Another missed deadline has some concerned that it may be a long while before ABCP is unfrozen and investors start to get their money back.

The money of the more than 1,800 retail investors, who mostly bought notes through Credential Securities and Canaccord Capital, remains frozen. It's now been almost eight months since they gave approval to a plan they thought would be expediting the process to get their money back.

"If this deal terminates, the Credential and Canaccord deals are null and void, and our people won't have their money," says independent industry analyst Diane Urquhart, who is a consultant to the legal team representing retail note holders. "Canaccord and Credential have each respectively set aside the cash, at least by letter of credit. They've got the cash earmarked to provide the payment; it's just sitting there on the other side of the wall waiting for the implementation of the plan."

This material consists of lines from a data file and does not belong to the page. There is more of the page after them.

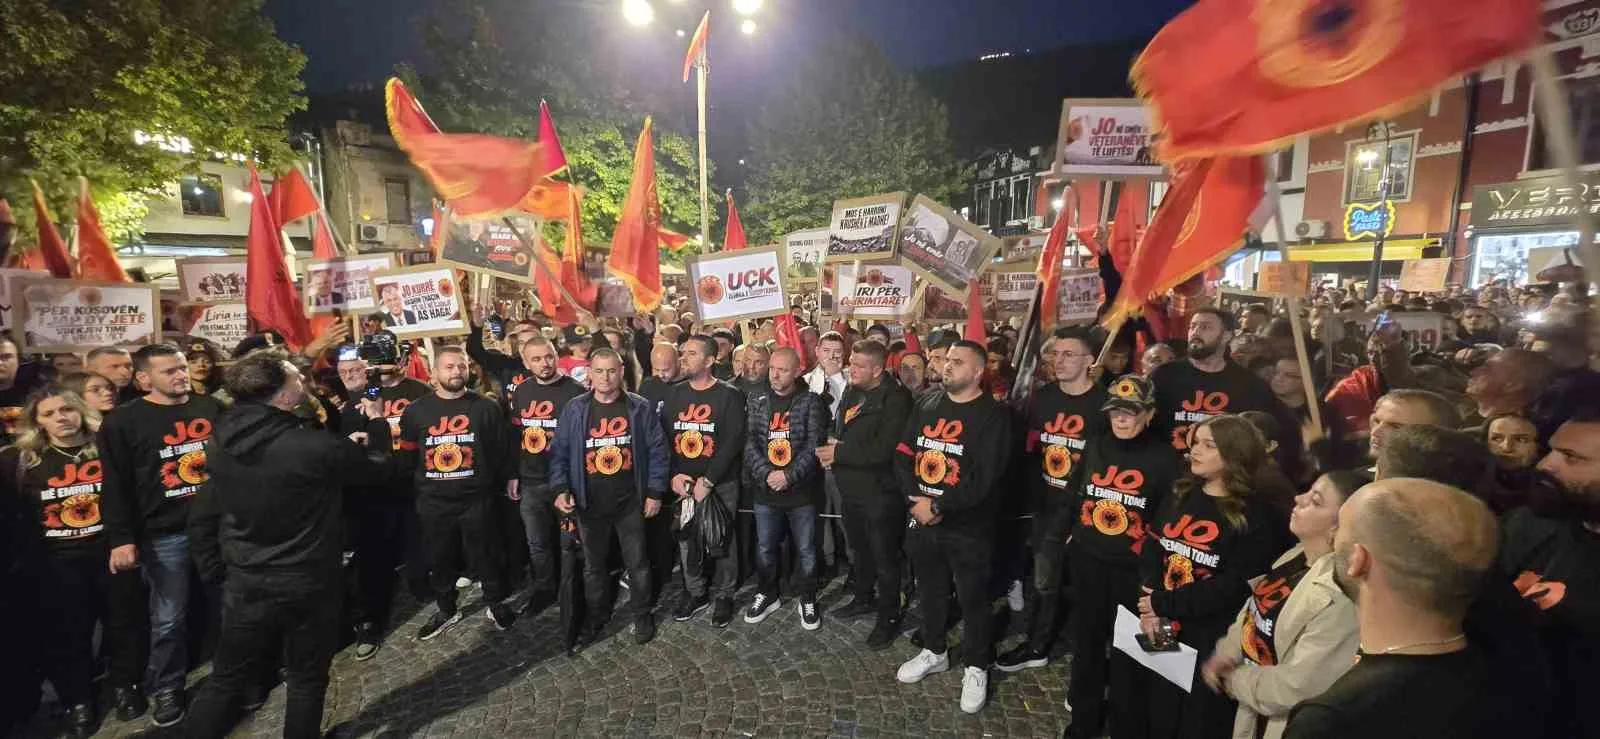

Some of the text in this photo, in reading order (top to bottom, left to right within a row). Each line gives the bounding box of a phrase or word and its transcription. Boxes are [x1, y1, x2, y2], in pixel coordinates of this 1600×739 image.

[1091, 117, 1116, 136] JO
[402, 285, 411, 298] JO
[417, 310, 429, 321] AS
[521, 400, 554, 418] JO
[1182, 390, 1229, 411] JO
[679, 403, 712, 421] JO
[163, 418, 212, 445] JO
[428, 415, 470, 435] JO
[591, 416, 628, 438] JO
[923, 418, 963, 439] JO
[1044, 412, 1084, 434] JO
[48, 459, 103, 488] JO
[1091, 465, 1144, 491] JO
[1163, 514, 1219, 544] JO
[1191, 549, 1220, 568] TONË
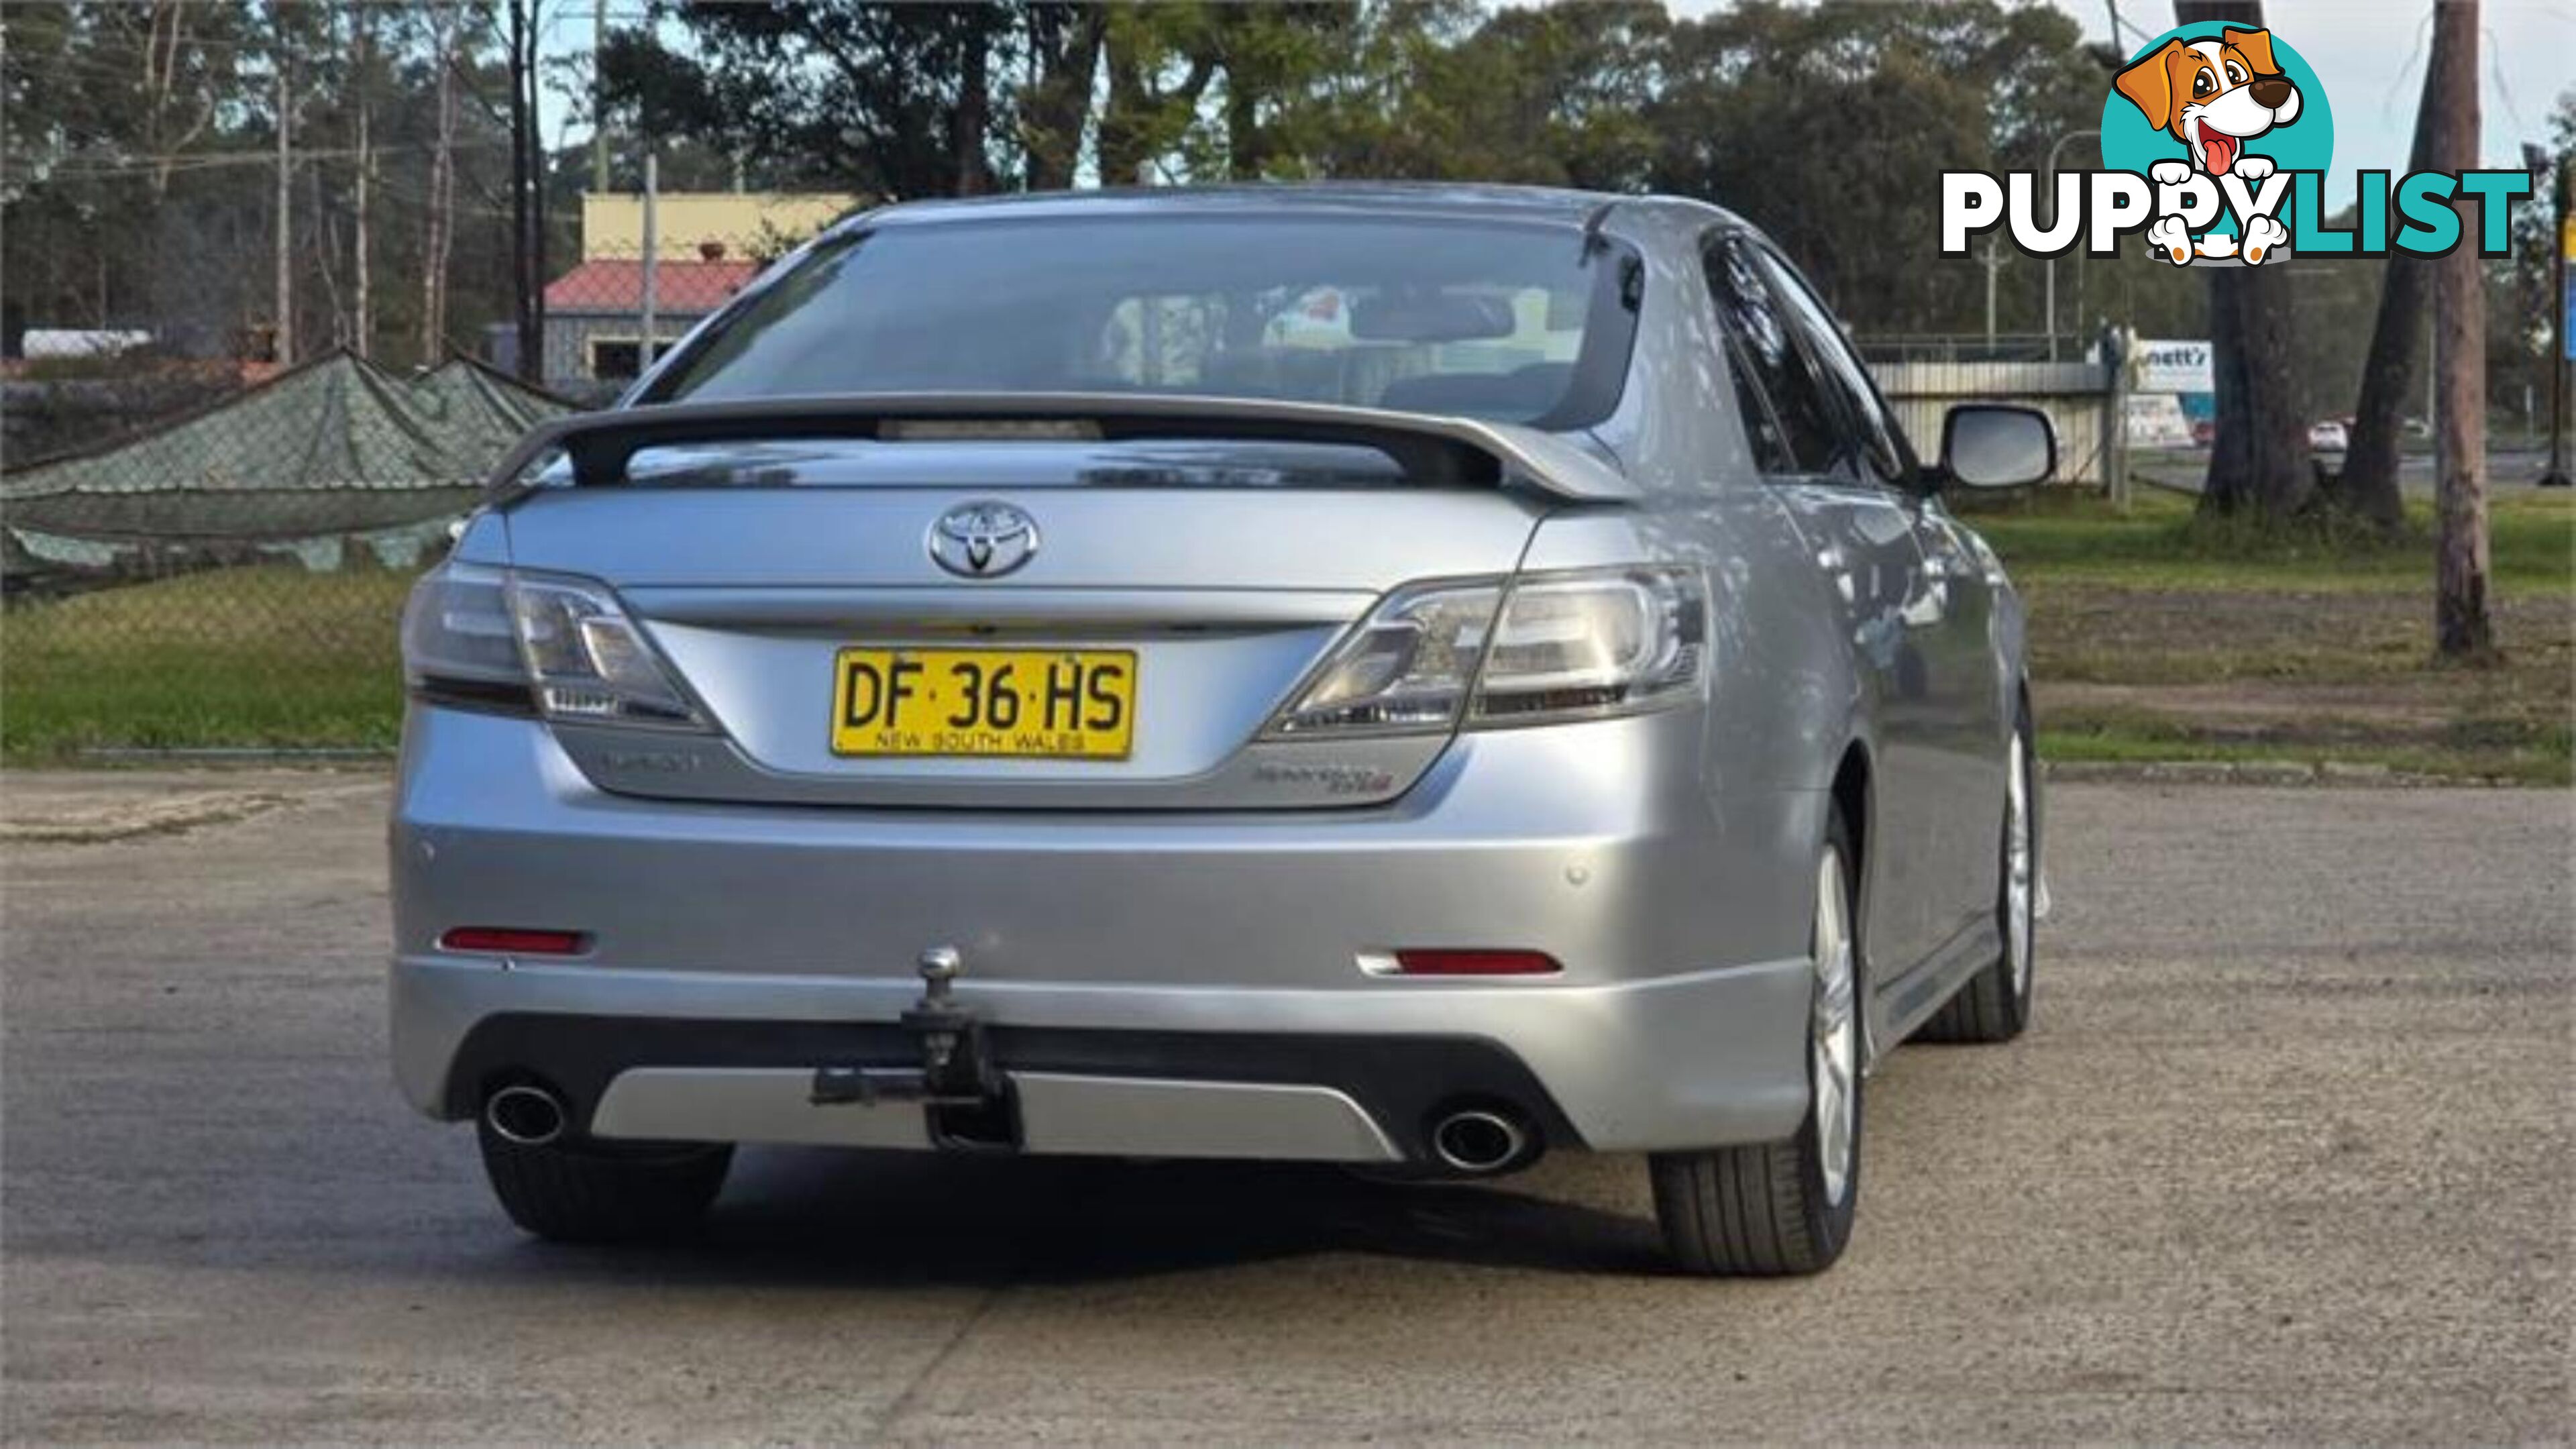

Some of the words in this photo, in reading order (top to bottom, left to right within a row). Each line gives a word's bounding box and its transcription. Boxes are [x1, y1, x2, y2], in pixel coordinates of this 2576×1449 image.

[875, 732, 921, 748] NEW
[933, 733, 1002, 749] SOUTH
[1016, 733, 1085, 751] WALES

Urquhart outlines that there remain no other legal barriers to the ABCP restructuring plan. The last appeal failed earlier this month. Basically, it's a case of crossing the finish line. Urquhart is beginning to wonder if some of the major players most notably the large international banks that are major lenders are really committed to seeing the deal through. Many of the international financial institutions have been hit hard by the global financial crisis.

"I think people are working in good faith, but we're in a financial crisis," she says. "The international banks involved are Deutsche Bank, Merrill Lynch (which is now owned by Bank of America), UBS, Royal Bank of Scotland and Citigroup, which is teetering with a bailout package. The major players involved are in new financial circumstances and are not compelled to close, even though they've agreed to close and the court has approved."

Last year's restructuring of securities law by the federal government made foreign holders of credit default swap contracts exempt from the authority of the CCAA protection. According to Urquhart, the involvement of the international lenders, which are crucial to the success of the restructuring, remains an act of good faith.

"While we believe that if they extend the agreement they have endeavored to continue to support it," she says, "they've got the prerogative to let this go month by month for the next seven years unless the judge says there is evidence that there isn't good faith intent to close. Ontario Superior Court Justice Colin Campbell does have the authority to remove the court stay on the commercial paper owners. The consequence of that is we are free to enter the courts and file lawsuits."

A spokesperson from the Investors Committee told that all of the restructuring plan participants, from the asset provider to the liquidity providers, have agreed to the restructuring plan and remain committed to it.

In the meantime, Urquhart says the retail note holders will be looking for other avenues of restitution through regulators. First up is the Investment Industry Regulatory Organization of Canada (IIROC). Urquhart says she and lawyers representing the retail note holders will be meeting with Susan Wolburgh-Jenah, president and CEO of IIROC and her staff next week.

"IIROC's October 17 compliance review found that securities dealers did not conduct due diligence and did not explain risk to the retail market. We are asking they use their authority as a self-regulatory organization authority to lay allegations of breach of the Know-Your-Client rule," she says. "The remedy we're suggesting is that they repurchase the ABCP in its present form."